● **WORK INSTRUCTION**
Return an exact copy of the entries, skipping any picture you find.

● **SUPPLIED DATA**
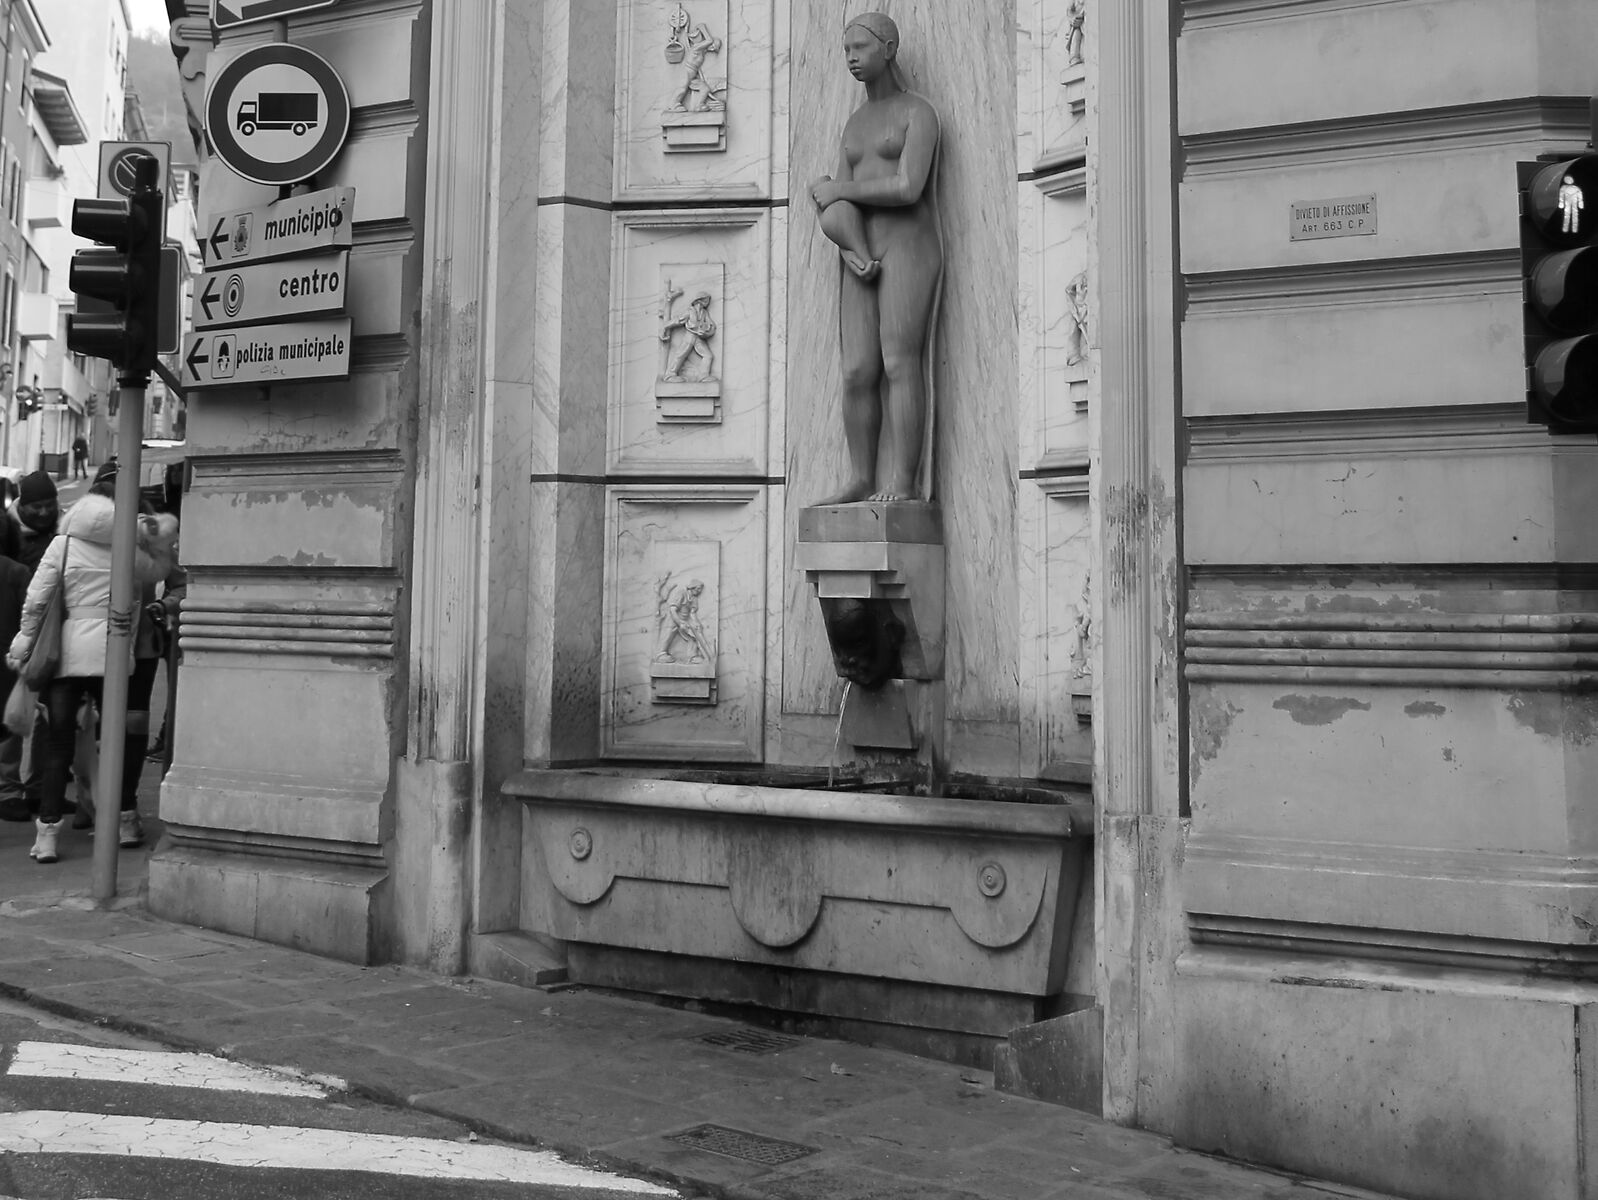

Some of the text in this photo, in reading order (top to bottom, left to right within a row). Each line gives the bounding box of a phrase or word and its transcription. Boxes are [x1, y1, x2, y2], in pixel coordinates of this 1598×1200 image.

[265, 203, 343, 240] municipio
[1295, 202, 1370, 220] DIVIETO DI AFFISSIONE
[1323, 221, 1342, 231] 663
[279, 269, 340, 298] centro
[236, 334, 344, 369] polizia municipale

● **PROBLEM SOLUTION**
Some of the text in this photo, in reading order (top to bottom, left to right within a row). Each line gives the bounding box of a phrase or word and its transcription. Boxes are [x1, y1, x2, y2], in pixel coordinates of this 1598×1200 image.

[265, 203, 343, 240] municipio
[1295, 202, 1370, 220] DIVIETO DI AFFISSIONE
[1323, 221, 1342, 231] 663
[279, 269, 340, 298] centro
[236, 334, 344, 369] polizia municipale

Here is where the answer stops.